## TASK ITEM
From top to bottom, write out the listing exactly and skip every picture.

## EXTRACTED ENTRIES
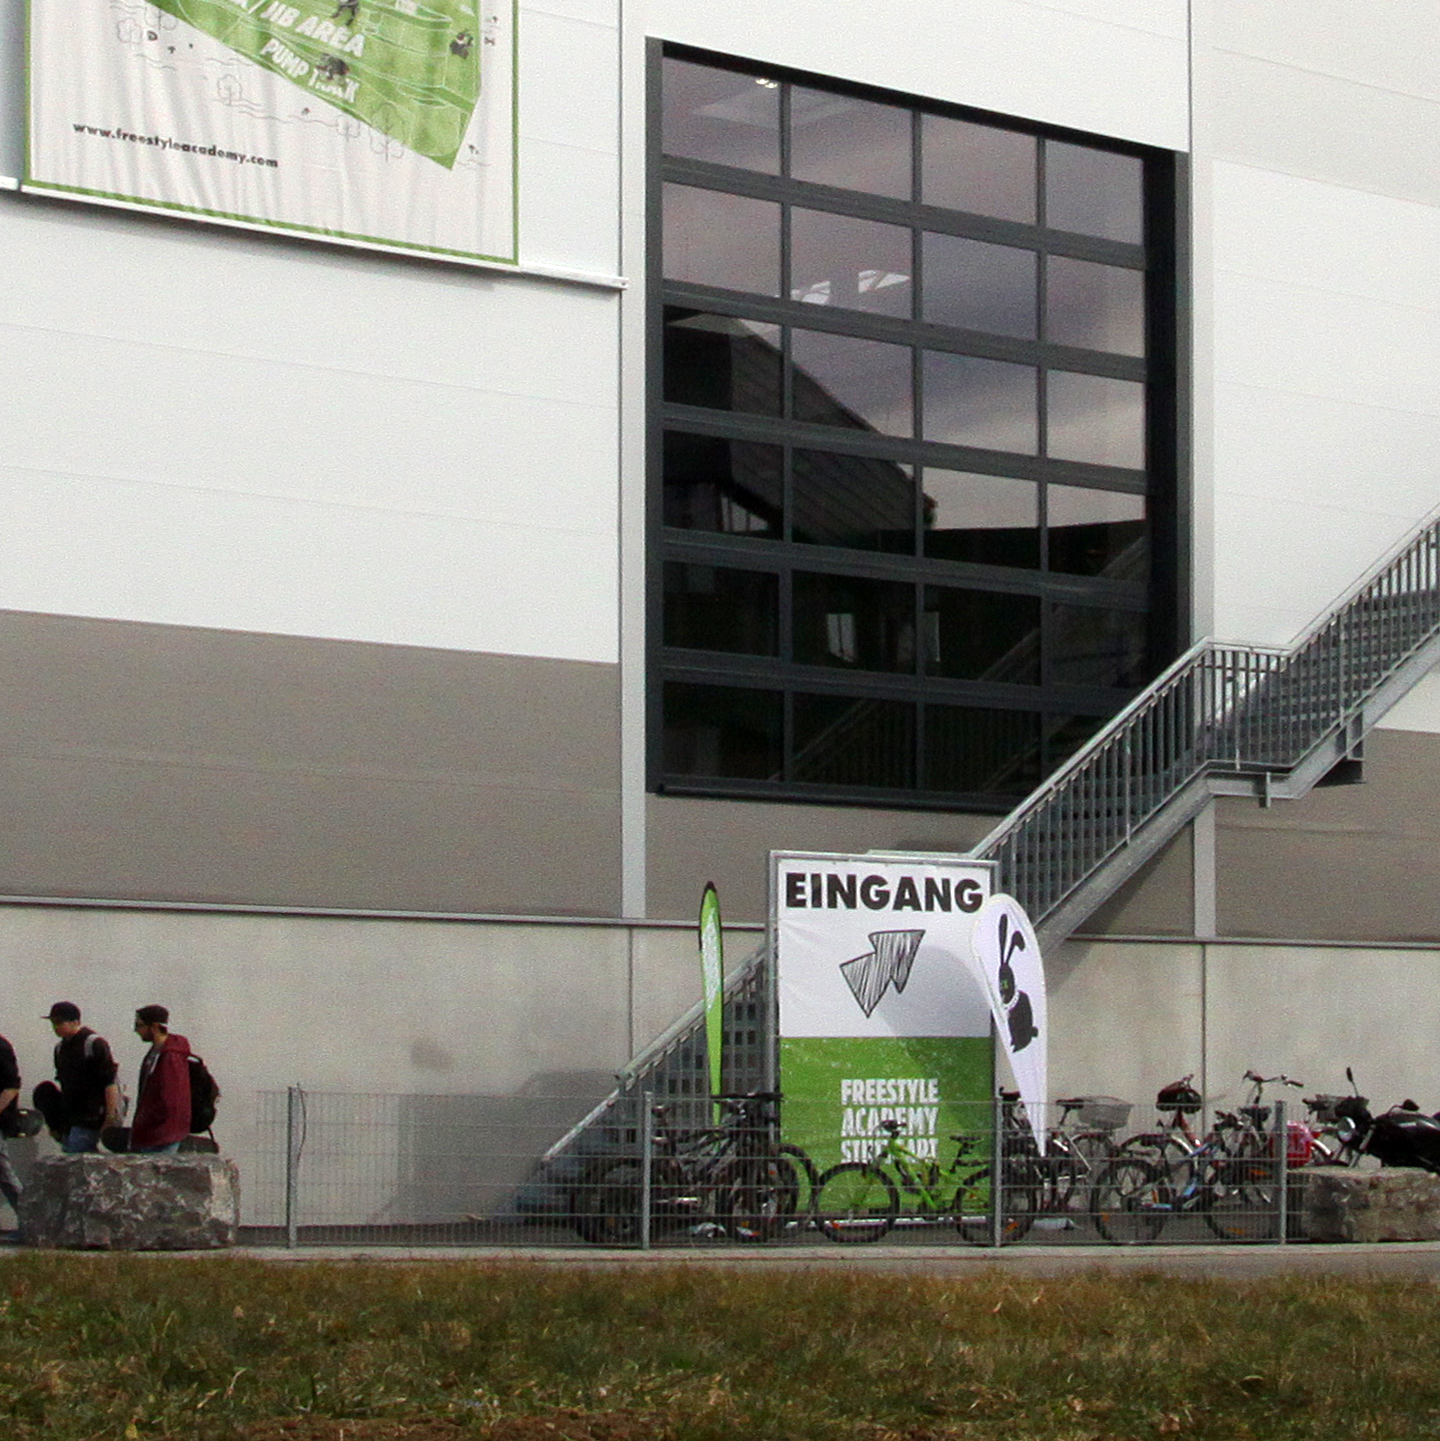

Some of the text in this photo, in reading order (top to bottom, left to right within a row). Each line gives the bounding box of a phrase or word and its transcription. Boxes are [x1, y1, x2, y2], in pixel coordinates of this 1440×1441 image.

[260, 0, 301, 28] JIB
[295, 16, 367, 57] AREA
[259, 38, 310, 78] PUMP
[72, 122, 279, 168] www.freestyleacademy.com
[785, 872, 983, 913] EINGANG
[840, 1078, 940, 1105] FREESTYLE

## YOUR SOLUTION
Some of the text in this photo, in reading order (top to bottom, left to right within a row). Each line gives the bounding box of a phrase or word and its transcription. Boxes are [x1, y1, x2, y2], in pixel coordinates of this 1440×1441 image.

[260, 0, 301, 28] JIB
[295, 16, 367, 57] AREA
[259, 38, 310, 78] PUMP
[72, 122, 279, 168] www.freestyleacademy.com
[785, 872, 983, 913] EINGANG
[840, 1078, 940, 1105] FREESTYLE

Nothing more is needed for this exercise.